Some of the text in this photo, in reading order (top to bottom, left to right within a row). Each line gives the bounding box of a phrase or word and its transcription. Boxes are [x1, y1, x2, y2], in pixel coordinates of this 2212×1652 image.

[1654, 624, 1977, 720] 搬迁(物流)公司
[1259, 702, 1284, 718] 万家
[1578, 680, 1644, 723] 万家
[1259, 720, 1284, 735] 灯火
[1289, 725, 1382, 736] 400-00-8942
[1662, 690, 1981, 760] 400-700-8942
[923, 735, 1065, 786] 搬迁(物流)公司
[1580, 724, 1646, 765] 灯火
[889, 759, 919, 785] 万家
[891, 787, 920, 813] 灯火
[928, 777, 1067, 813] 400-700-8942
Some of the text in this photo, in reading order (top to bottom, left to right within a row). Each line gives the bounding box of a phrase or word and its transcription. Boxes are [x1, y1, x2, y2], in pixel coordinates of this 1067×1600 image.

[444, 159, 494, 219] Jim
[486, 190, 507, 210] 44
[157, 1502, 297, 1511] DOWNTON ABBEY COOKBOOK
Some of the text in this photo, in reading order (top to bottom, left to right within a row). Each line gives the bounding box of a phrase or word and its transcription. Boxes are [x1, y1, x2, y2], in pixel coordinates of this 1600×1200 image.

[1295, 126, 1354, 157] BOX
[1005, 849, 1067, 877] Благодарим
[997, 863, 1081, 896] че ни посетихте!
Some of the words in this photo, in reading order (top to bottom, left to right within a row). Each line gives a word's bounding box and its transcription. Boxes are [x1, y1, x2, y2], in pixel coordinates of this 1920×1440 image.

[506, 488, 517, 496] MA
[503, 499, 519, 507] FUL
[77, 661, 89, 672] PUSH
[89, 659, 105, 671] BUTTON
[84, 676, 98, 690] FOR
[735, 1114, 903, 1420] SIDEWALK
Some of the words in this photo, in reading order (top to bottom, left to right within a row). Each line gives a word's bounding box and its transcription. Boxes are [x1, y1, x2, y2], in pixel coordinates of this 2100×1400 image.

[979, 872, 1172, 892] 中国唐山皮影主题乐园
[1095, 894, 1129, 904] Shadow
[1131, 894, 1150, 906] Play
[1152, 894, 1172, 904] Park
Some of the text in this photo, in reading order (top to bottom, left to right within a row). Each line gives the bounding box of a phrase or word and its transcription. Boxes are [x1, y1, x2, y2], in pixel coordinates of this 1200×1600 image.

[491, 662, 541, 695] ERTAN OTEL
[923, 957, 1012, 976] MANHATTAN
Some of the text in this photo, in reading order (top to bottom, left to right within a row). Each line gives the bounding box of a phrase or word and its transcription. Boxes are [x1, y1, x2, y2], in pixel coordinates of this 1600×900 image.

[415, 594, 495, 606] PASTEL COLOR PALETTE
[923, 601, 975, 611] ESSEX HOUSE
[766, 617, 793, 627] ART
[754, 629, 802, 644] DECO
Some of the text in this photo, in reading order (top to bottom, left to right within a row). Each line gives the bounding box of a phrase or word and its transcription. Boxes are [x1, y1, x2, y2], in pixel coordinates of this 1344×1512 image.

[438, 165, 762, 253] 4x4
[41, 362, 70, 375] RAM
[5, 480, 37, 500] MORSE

Your instructions: Could you write out all of the entries precisely as they stand?

Solved exercise:
Some of the text in this photo, in reading order (top to bottom, left to right within a row). Each line gives the bounding box of a phrase or word and its transcription. Boxes are [x1, y1, x2, y2], in pixel coordinates of this 2212×1652 image.

[1654, 624, 1977, 720] 搬迁(物流)公司
[1259, 702, 1284, 718] 万家
[1578, 680, 1644, 723] 万家
[1259, 720, 1284, 735] 灯火
[1289, 725, 1382, 736] 400-00-8942
[1662, 690, 1981, 760] 400-700-8942
[923, 735, 1065, 786] 搬迁(物流)公司
[1580, 724, 1646, 765] 灯火
[889, 759, 919, 785] 万家
[891, 787, 920, 813] 灯火
[928, 777, 1067, 813] 400-700-8942
Some of the text in this photo, in reading order (top to bottom, left to right within a row). Each line gives the bounding box of a phrase or word and its transcription. Boxes are [x1, y1, x2, y2], in pixel coordinates of this 1067×1600 image.

[444, 159, 494, 219] Jim
[486, 190, 507, 210] 44
[157, 1502, 297, 1511] DOWNTON ABBEY COOKBOOK
Some of the text in this photo, in reading order (top to bottom, left to right within a row). Each line gives the bounding box of a phrase or word and its transcription. Boxes are [x1, y1, x2, y2], in pixel coordinates of this 1600×1200 image.

[1295, 126, 1354, 157] BOX
[1005, 849, 1067, 877] Благодарим
[997, 863, 1081, 896] че ни посетихте!
Some of the words in this photo, in reading order (top to bottom, left to right within a row). Each line gives a word's bounding box and its transcription. Boxes are [x1, y1, x2, y2], in pixel coordinates of this 1920×1440 image.

[506, 488, 517, 496] MA
[503, 499, 519, 507] FUL
[77, 661, 89, 672] PUSH
[89, 659, 105, 671] BUTTON
[84, 676, 98, 690] FOR
[735, 1114, 903, 1420] SIDEWALK
Some of the words in this photo, in reading order (top to bottom, left to right within a row). Each line gives a word's bounding box and its transcription. Boxes are [x1, y1, x2, y2], in pixel coordinates of this 2100×1400 image.

[979, 872, 1172, 892] 中国唐山皮影主题乐园
[1095, 894, 1129, 904] Shadow
[1131, 894, 1150, 906] Play
[1152, 894, 1172, 904] Park
Some of the text in this photo, in reading order (top to bottom, left to right within a row). Each line gives the bounding box of a phrase or word and its transcription. Boxes are [x1, y1, x2, y2], in pixel coordinates of this 1200×1600 image.

[491, 662, 541, 695] ERTAN OTEL
[923, 957, 1012, 976] MANHATTAN
Some of the text in this photo, in reading order (top to bottom, left to right within a row). Each line gives the bounding box of a phrase or word and its transcription. Boxes are [x1, y1, x2, y2], in pixel coordinates of this 1600×900 image.

[415, 594, 495, 606] PASTEL COLOR PALETTE
[923, 601, 975, 611] ESSEX HOUSE
[766, 617, 793, 627] ART
[754, 629, 802, 644] DECO
Some of the text in this photo, in reading order (top to bottom, left to right within a row). Each line gives the bounding box of a phrase or word and its transcription. Boxes are [x1, y1, x2, y2], in pixel coordinates of this 1344×1512 image.

[438, 165, 762, 253] 4x4
[41, 362, 70, 375] RAM
[5, 480, 37, 500] MORSE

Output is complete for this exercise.